I’ve heard this question from audience members and even well-meaning curious friends and family over the years. However this question came to the forefront of our collective consciousness in the early Fall of 2014 when yet another famous person was caught on video physically assaulting his then-girlfriend. The expressions of shock and horror made by the public in response to the video were quick and strong — a reaction only overshadowed perhaps by their reaction upon learning that during the time between when the incident actually took place and when the video leaked, she had married him.

Logic 101

Many people clearly thought the behavior of that high profile survivor was absurd. “If someone is being abused, it defies all common sense to stay,” one person remarked, “not to mention marrying that person!” (The subtext being twofold: 1) If it’s really abuse, people leave, and 2) If they don’t leave, it couldn’t have been that bad). 

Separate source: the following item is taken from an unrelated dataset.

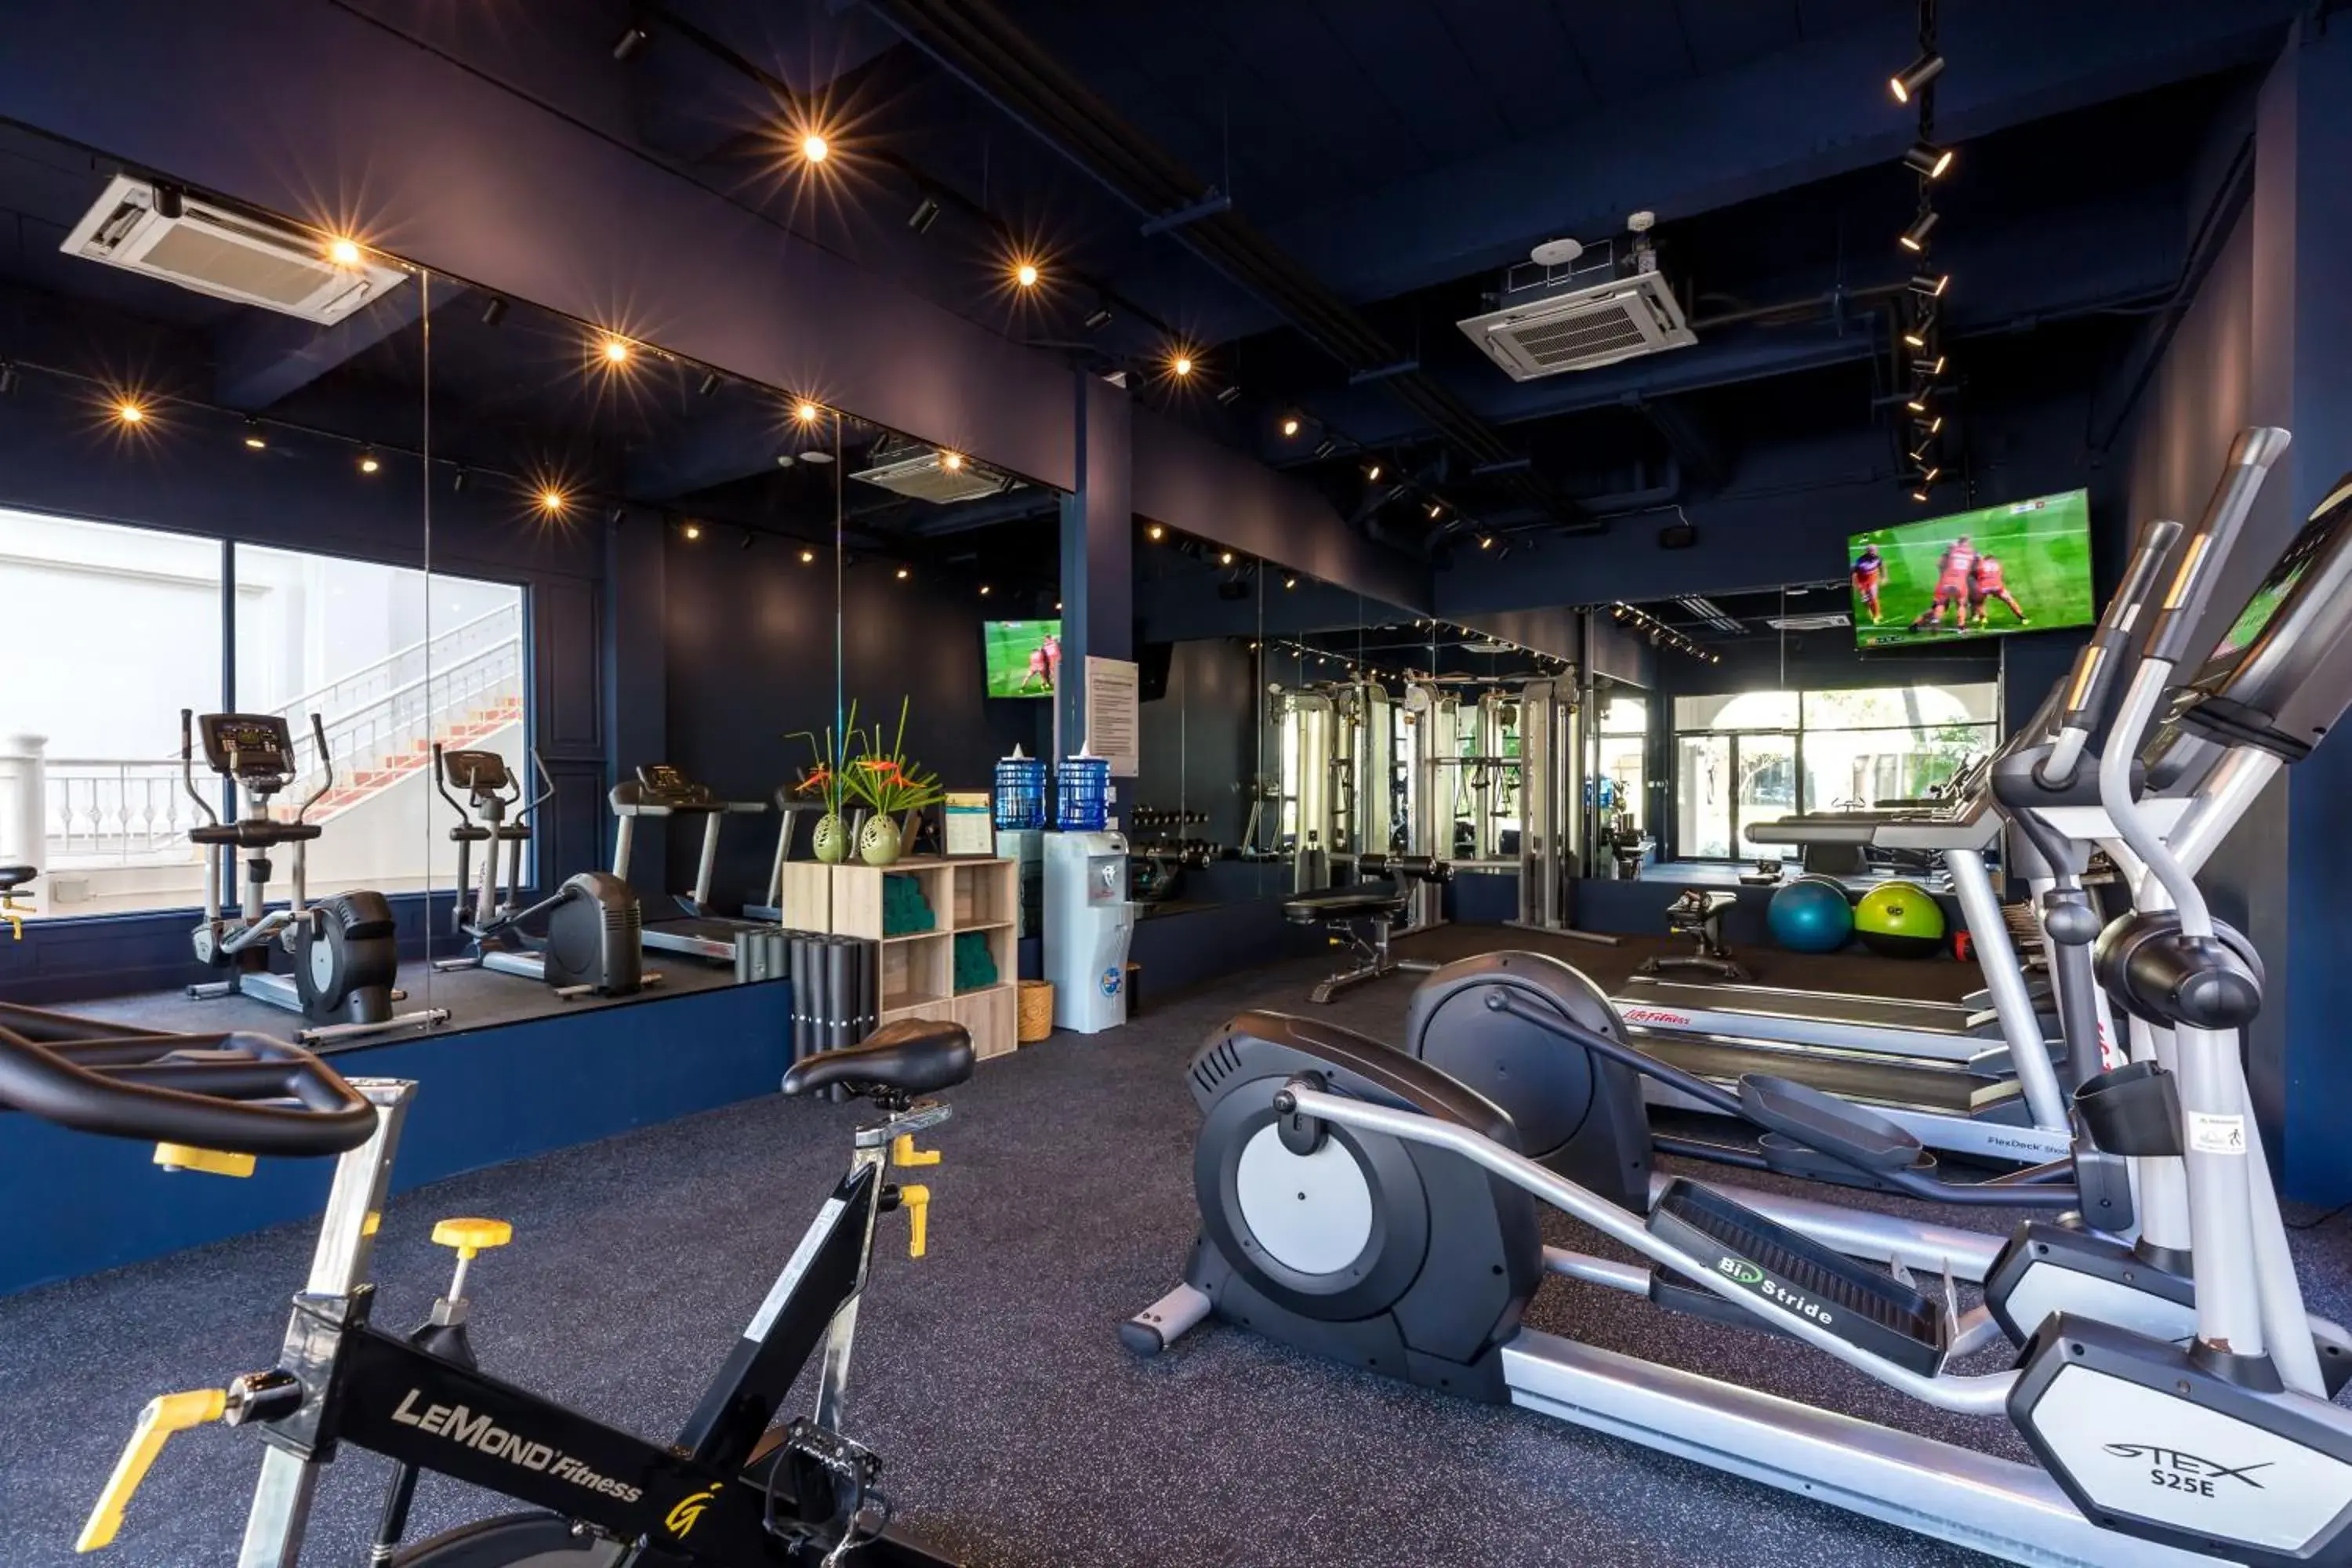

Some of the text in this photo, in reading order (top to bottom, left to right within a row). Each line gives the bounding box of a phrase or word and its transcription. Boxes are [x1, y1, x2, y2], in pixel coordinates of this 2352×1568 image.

[1719, 1257, 1832, 1325] Bio Stride
[549, 1456, 643, 1504] Fitness
[2101, 1443, 2275, 1489] STEX
[2151, 1468, 2215, 1498] S25E

Of course sassy advocates know better than to agree with this surface level snap-to-judgement. And at the same time, it’s not entirely difficult to see why people leap to the “Just leave, already!” battle cry. In general — and you can accuse me of being an over-committed optimist— I don’t think Americans like to see people get hurt.  We want people to leave situations where they get hurt.

A Hashtag is Born

While survivors of domestic violence have been responding to these questions for decades, in the age of social media — 21st Century survivors did not have to reason with the public alone. The hashtag #WhyIStayed quickly appeared on social media outlets like Twitter and Facebook.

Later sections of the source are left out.